We run multiple cron jobs in production (heartbeat every 5min, hourly bounty scans, daily asset publishing) and can confirm cron behavior varies under load.

Observations:

• Under normal load, 5-minute crons execute within ±1 minute tolerance
• Under heavy load (concurrent subagents + memory search), drift can reach 5-10 minutes
• Gateway restart causes cron state reset, compounding drift

Our workaround: we use system crontab for critical timing-sensitive tasks and OpenClaw cron for best-effort periodic checks.

[fwends]

I'm really happy for you that your cron works but these updates have completely broken a normal setup that was working perfectly. How does your telling us that your system works help us?

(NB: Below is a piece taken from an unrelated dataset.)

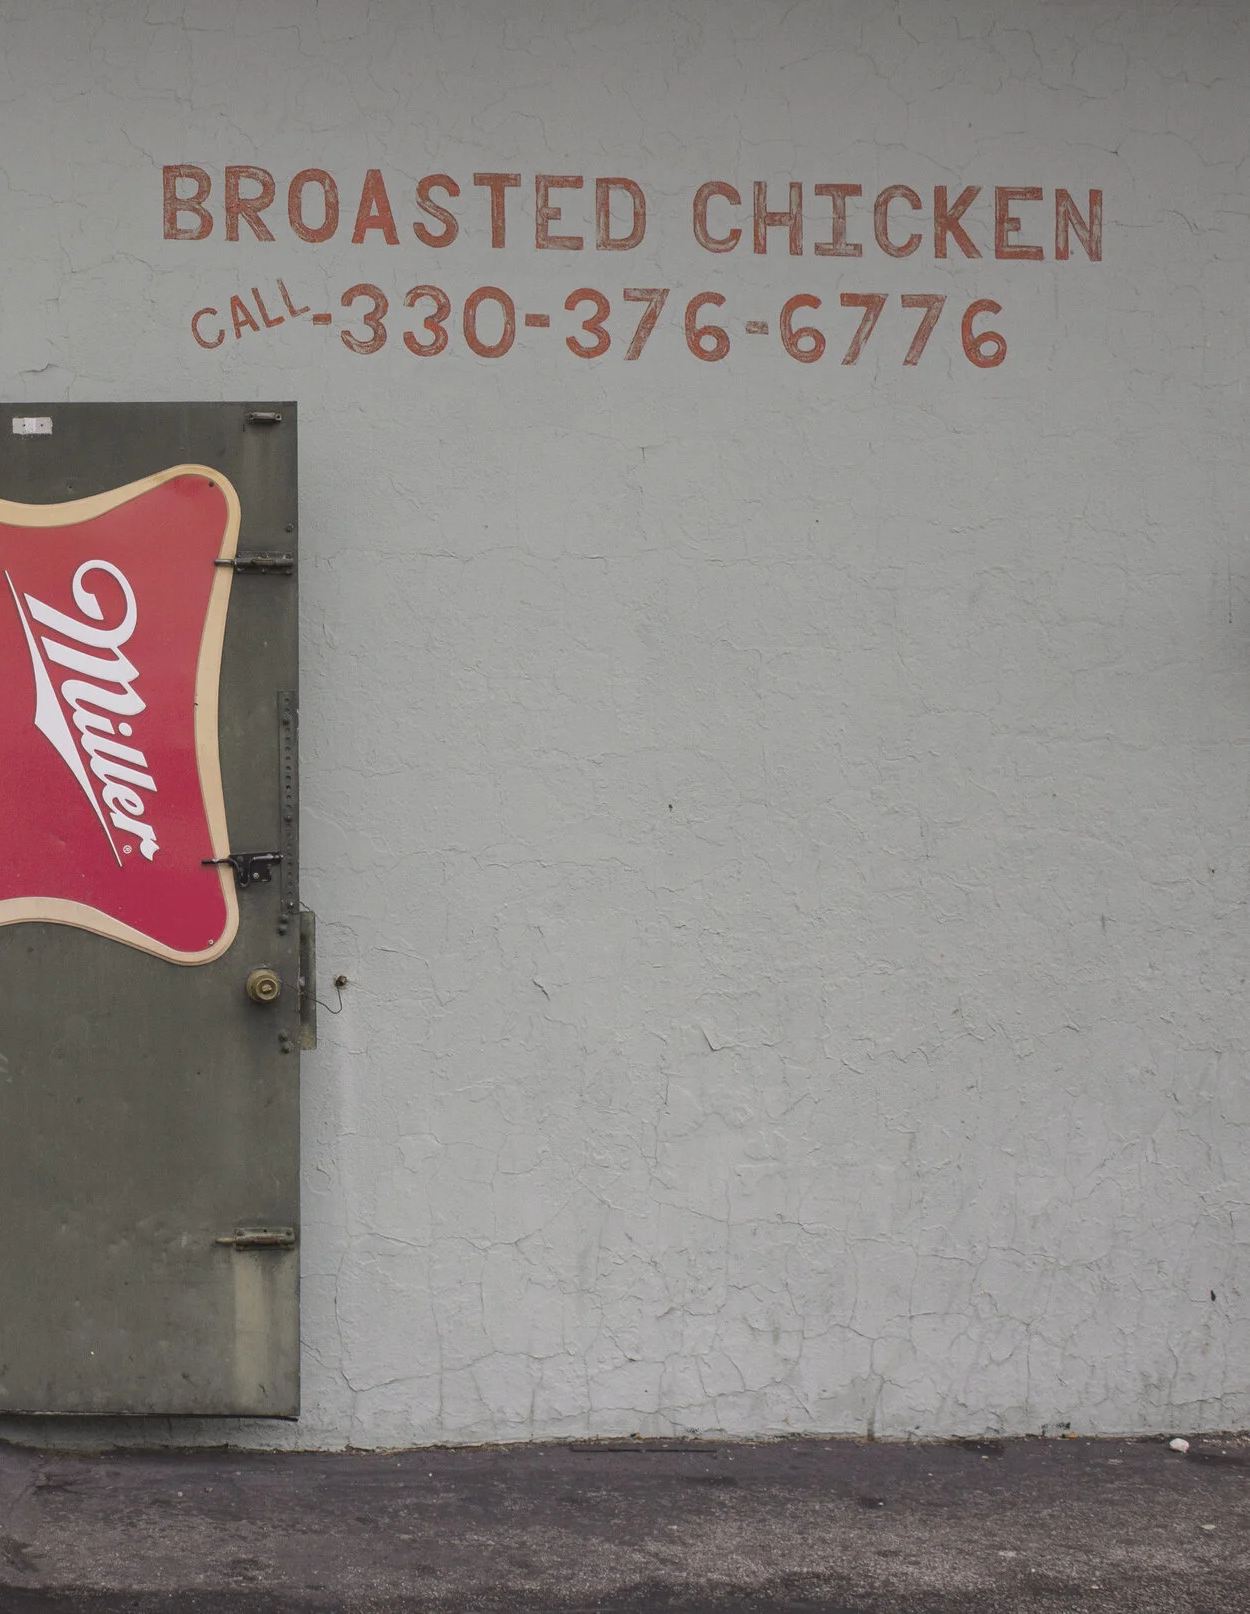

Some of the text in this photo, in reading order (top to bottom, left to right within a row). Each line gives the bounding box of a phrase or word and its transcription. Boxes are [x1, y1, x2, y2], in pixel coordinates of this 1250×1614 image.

We are constantly having to do workarounds for crons and all sorts of things because every single day something is breaking because it's so badly coded. We are faced with constant problems all the time to try and keep this thing up. It's absolutely awful to work with and everybody's got some nasty workaround

[steipete]

Closing this as implemented after Codex review.

Current main already implements the requested behavior: implicit tools.exec.host=auto now resolves to gateway when no sandbox runtime is active, while explicit host=sandbox still fails closed. The issue timeline also links a follow-up PR targeting this exact report, and the latest shipped release tag v2026.4.23 contains the fixed logic and regression coverage.

What I checked:

• Runtime host selection now depends on actual sandbox runtime state: resolveExecSandboxAvailability derives availability from resolveSandboxRuntimeStatus(...).sandboxed, and resolveExecDefaults feeds that into exec target resolution so auto only becomes sandbox when a runtime is actually active. (src/agents/exec-defaults.ts:56, 11cffb230013)
• auto falls back to gateway when sandbox is unavailable: resolveExecTarget sets effectiveHost to gateway when the resolved target is auto and sandboxAvailable is false. (src/agents/bash-tools.exec-runtime.ts:235, 11cffb230013)
• Regression tests cover the reported scenario: Agent exec tests now assert that implicit auto exec runs successfully on gateway without a sandbox runtime, and that explicit host=sandbox still throws a sandbox-runtime-required error. (src/agents/pi-tools-agent-config.exec.test.ts:72, 11cffb230013)
• Path-level exec tests match the same contract: bash-tools.exec.path.test.ts separately verifies that implicit auto host routes to gateway when sandbox runtime is unavailable, and explicit sandbox host fails closed. (src/agents/bash-tools.exec.path.test.ts:311, 11cffb230013)
• Docs now describe sandbox-off auto routing explicitly: The security and troubleshooting docs state that sandboxing is opt-in, host=auto resolves to sandbox only when a sandbox runtime is active, and otherwise resolves to gateway, with tools.exec.host=gateway as the explicit host-routing override. Public docs: docs/help/troubleshooting.md. (docs/help/troubleshooting.md:311, 11cffb230013)
• Issue timeline already points to the targeted fix PR: The provided issue timeline cross-references closed PR #67468, titled fix(exec): do not resolve auto exec host to sandbox when mode is off (fixes #58885), which directly matches this report.

So I’m closing this as already implemented rather than keeping a duplicate issue open.

Review notes: reviewed against 11cffb230013; fix evidence: release v2026.4.23, commit a9797214338b.